Mortgage lenders typically issue pre-approvals of real estate loans subject to certain conditions. When the buyer request funding, the lender turns to their underwriting department to ensure that the requirements have been met. Underwriters generally have full discretion to investigate any issue that might affect the borrower, the collateral, and the details of both.
Examples of data that underwriters review includes:
- Checking and savings statements
- Assets, specifically liquid assets such as securities
- Credit card balances
- Credit Score and reports, with an emphasis or payment habits
- Proof of income (payroll stubs)
- Tax filings
- Source of down payment funds
According to Peter Miller, author of The Common Sense Mortgage, a mortgage underwriter can look at “just about anything that a lender needs to be confident that you can repay your mortgage as agreed.”
Underwriters are especially sensitive to recent changes in the personal and financial activities of their prospective borrowers. Significant changes in the pattern and amounts of deposits or withdrawals are likely to draw investigation and requests for an explanation.

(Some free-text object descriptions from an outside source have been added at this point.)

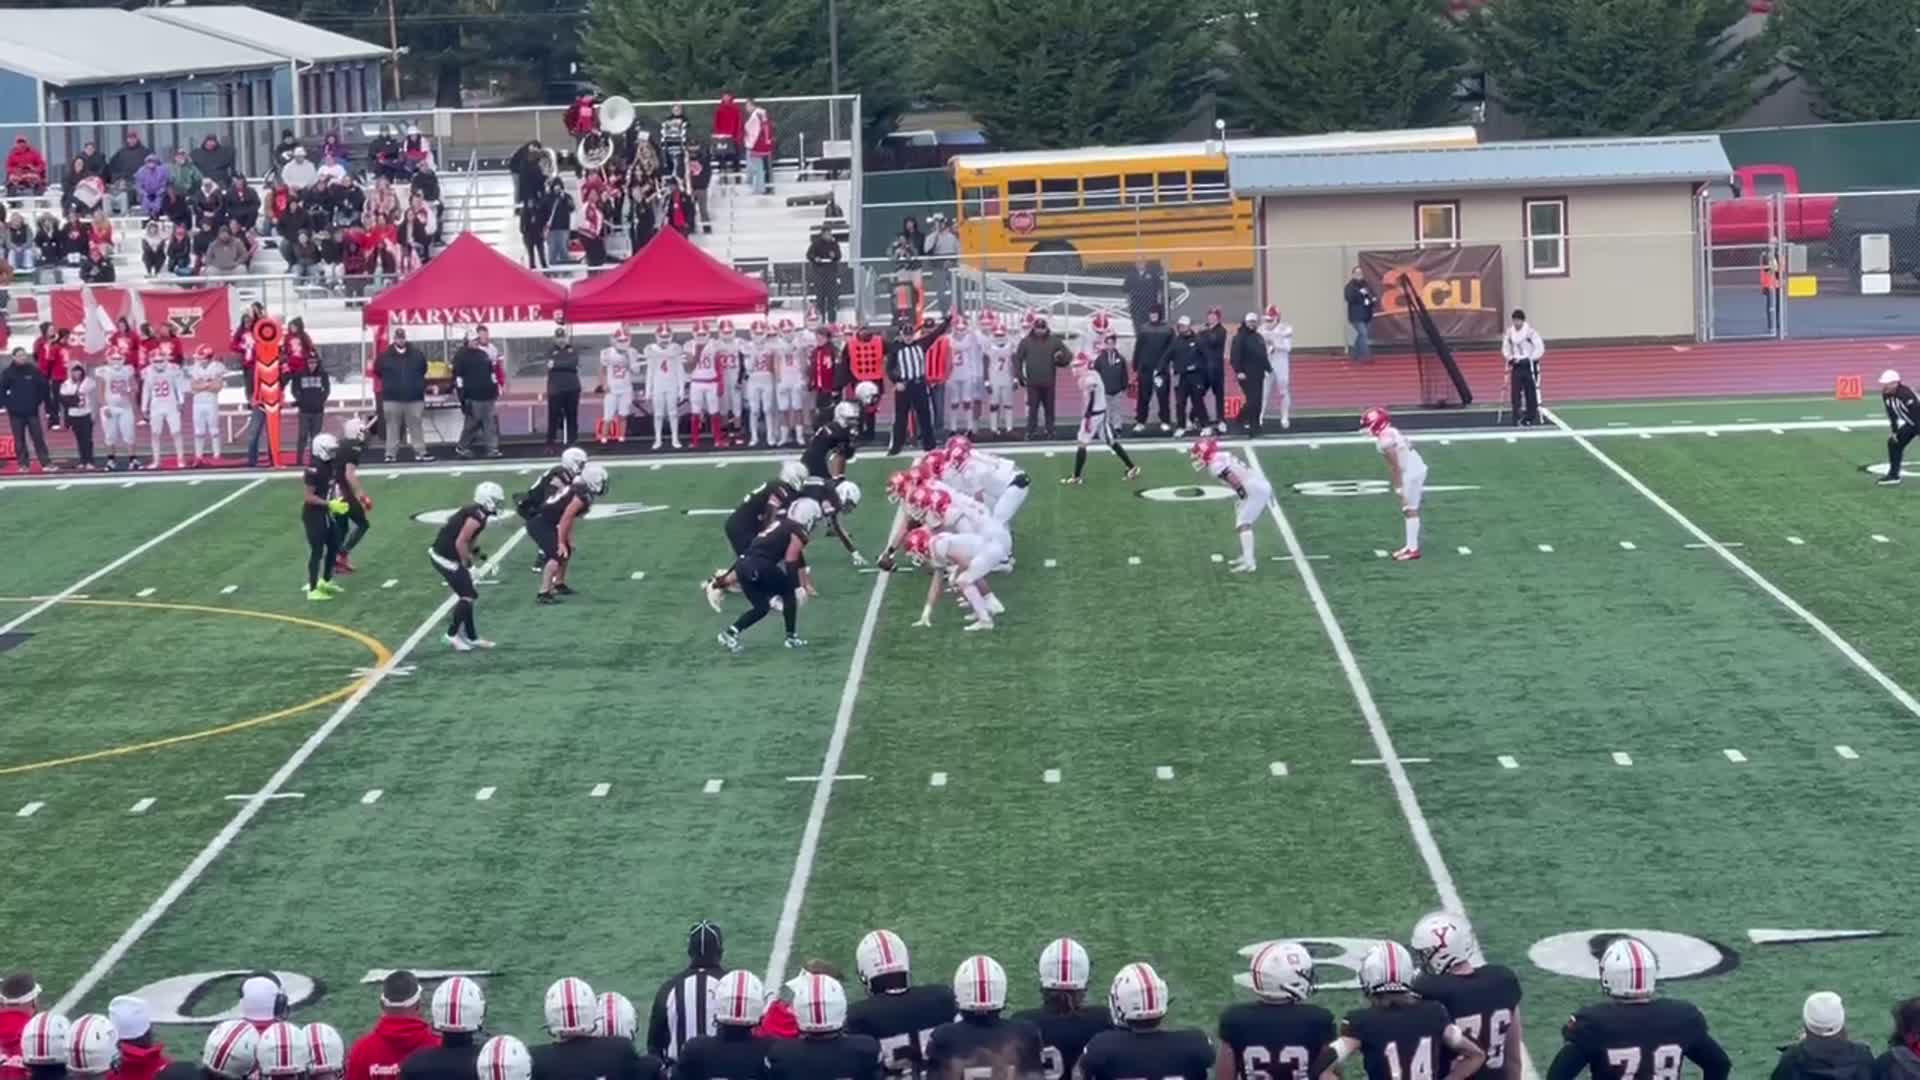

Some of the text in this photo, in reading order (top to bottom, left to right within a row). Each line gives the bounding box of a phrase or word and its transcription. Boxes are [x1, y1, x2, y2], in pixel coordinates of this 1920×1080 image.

[388, 304, 543, 325] MARYSVILLE
[659, 359, 668, 374] 4
[1839, 378, 1859, 396] 20
[1431, 926, 1451, 949] Y
[1242, 1045, 1311, 1080] 63
[1384, 1036, 1433, 1080] 14
[1606, 1043, 1683, 1080] 78

Delaying providing your lender the documentation they request will delay the closing. Nonresponsive borrowers, borrowers that are slow to provide requested information or follow-up information are more common than you might think.
In August 2015, the Consumer Financial Protection Bureau (CFPB) required lenders to complete and provide a 5-page Closing Disclosure Form three days before a scheduled house closing. The form replaces the loan estimate with the actual figures to be paid at closing. A discrepancy on the Form will postpone the closing until any errors are corrected and approved by all parties. Once corrected the Form must once again be provided 72 hours prior to closing.
So, if there is a financial issue or the form has to be changed for some reason and the closing was to occur just after the 3 day period, then the closing date must be rescheduled.